### What is expected:
Output all of the data below without changing a word, and exclude the pictures.

*** Recorded data Section Begins ***

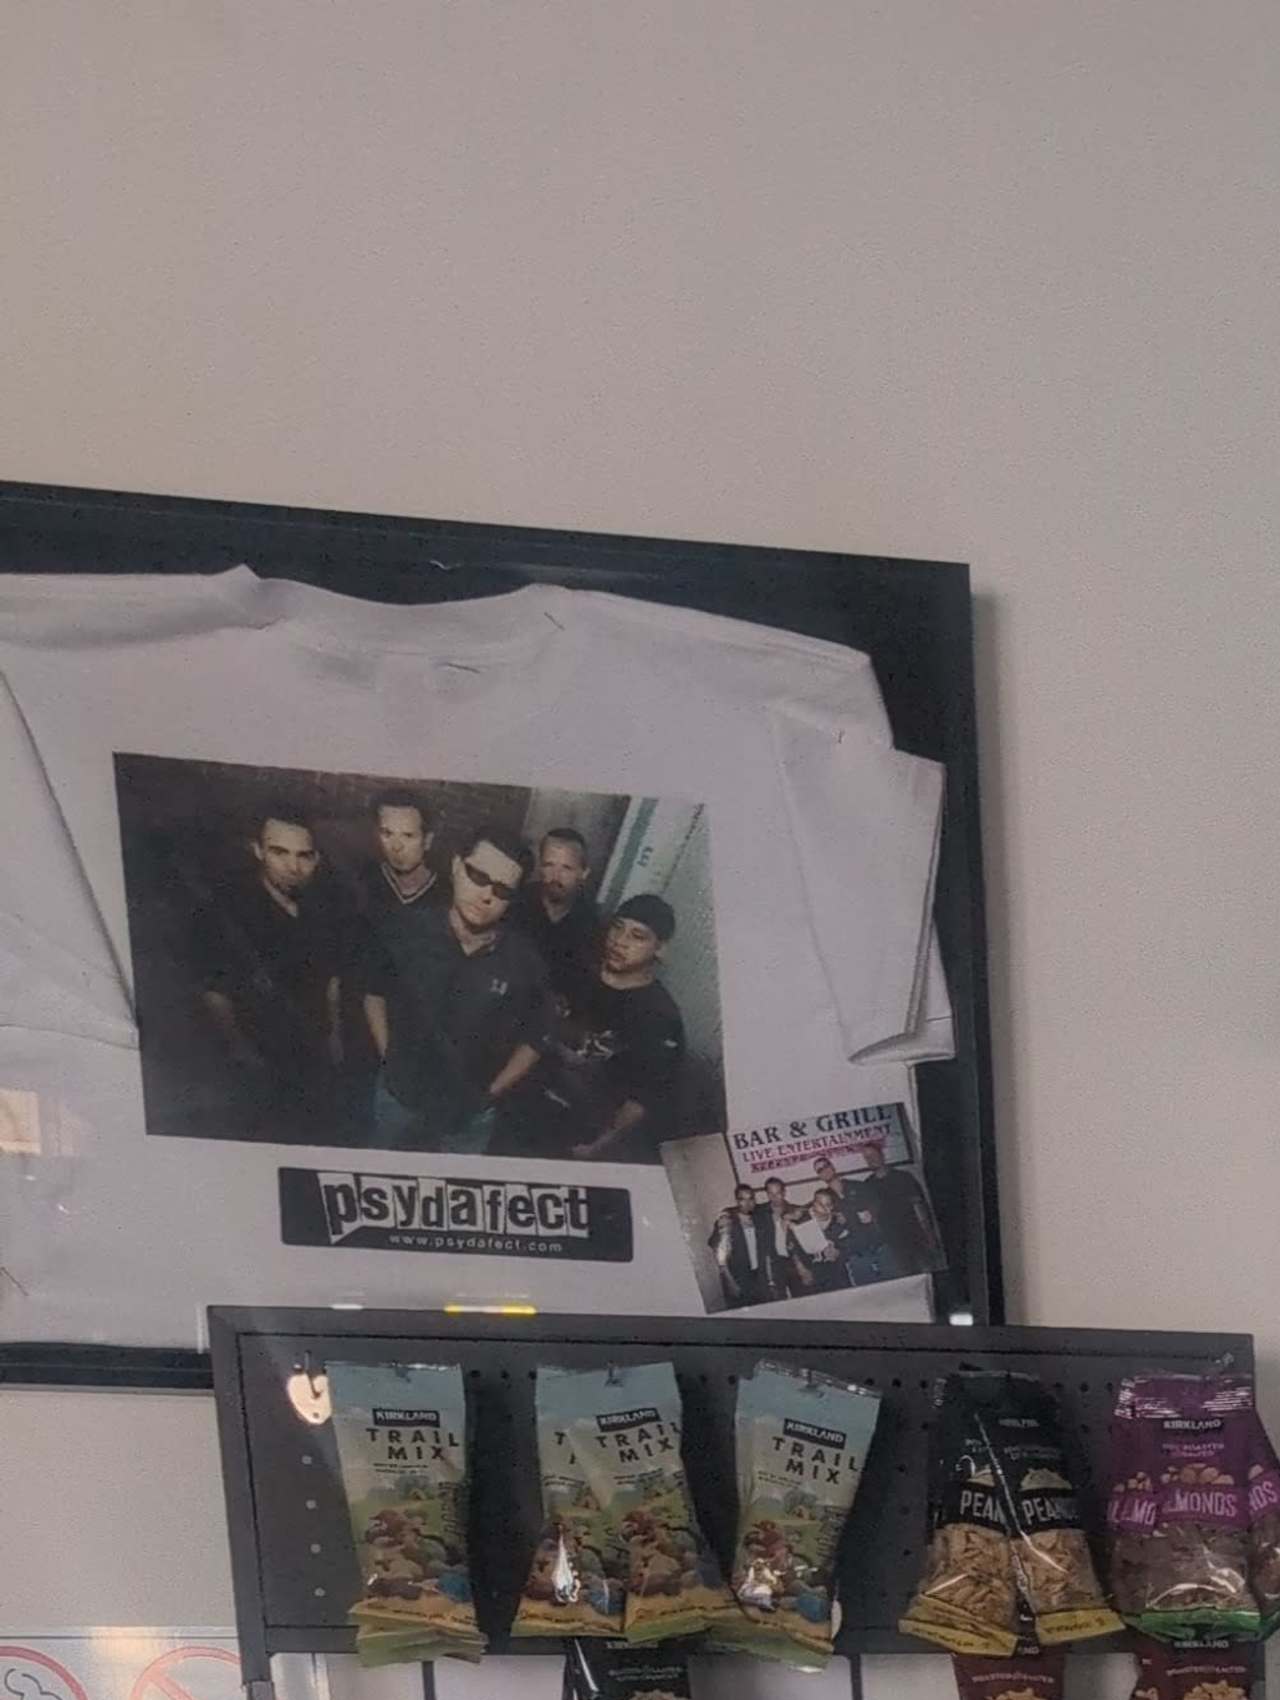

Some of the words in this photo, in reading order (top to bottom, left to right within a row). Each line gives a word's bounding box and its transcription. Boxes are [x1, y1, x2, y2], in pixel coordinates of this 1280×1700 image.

[733, 1126, 781, 1150] BAR
[789, 1120, 808, 1139] &
[816, 1106, 893, 1133] GRILL
[743, 1144, 773, 1163] LIVE
[323, 1182, 591, 1236] psydafect
[389, 1233, 563, 1253] www.psydafect.com
[366, 1427, 460, 1447] TRAIL
[595, 1422, 681, 1448] TRAIL
[387, 1446, 445, 1461] MIX
[619, 1437, 674, 1464] MIX
[772, 1436, 858, 1472] TRAIL
[785, 1458, 840, 1485] MIX

*** Recorded data Section Ends ***

### Result:
Some of the words in this photo, in reading order (top to bottom, left to right within a row). Each line gives a word's bounding box and its transcription. Boxes are [x1, y1, x2, y2], in pixel coordinates of this 1280×1700 image.

[733, 1126, 781, 1150] BAR
[789, 1120, 808, 1139] &
[816, 1106, 893, 1133] GRILL
[743, 1144, 773, 1163] LIVE
[323, 1182, 591, 1236] psydafect
[389, 1233, 563, 1253] www.psydafect.com
[366, 1427, 460, 1447] TRAIL
[595, 1422, 681, 1448] TRAIL
[387, 1446, 445, 1461] MIX
[619, 1437, 674, 1464] MIX
[772, 1436, 858, 1472] TRAIL
[785, 1458, 840, 1485] MIX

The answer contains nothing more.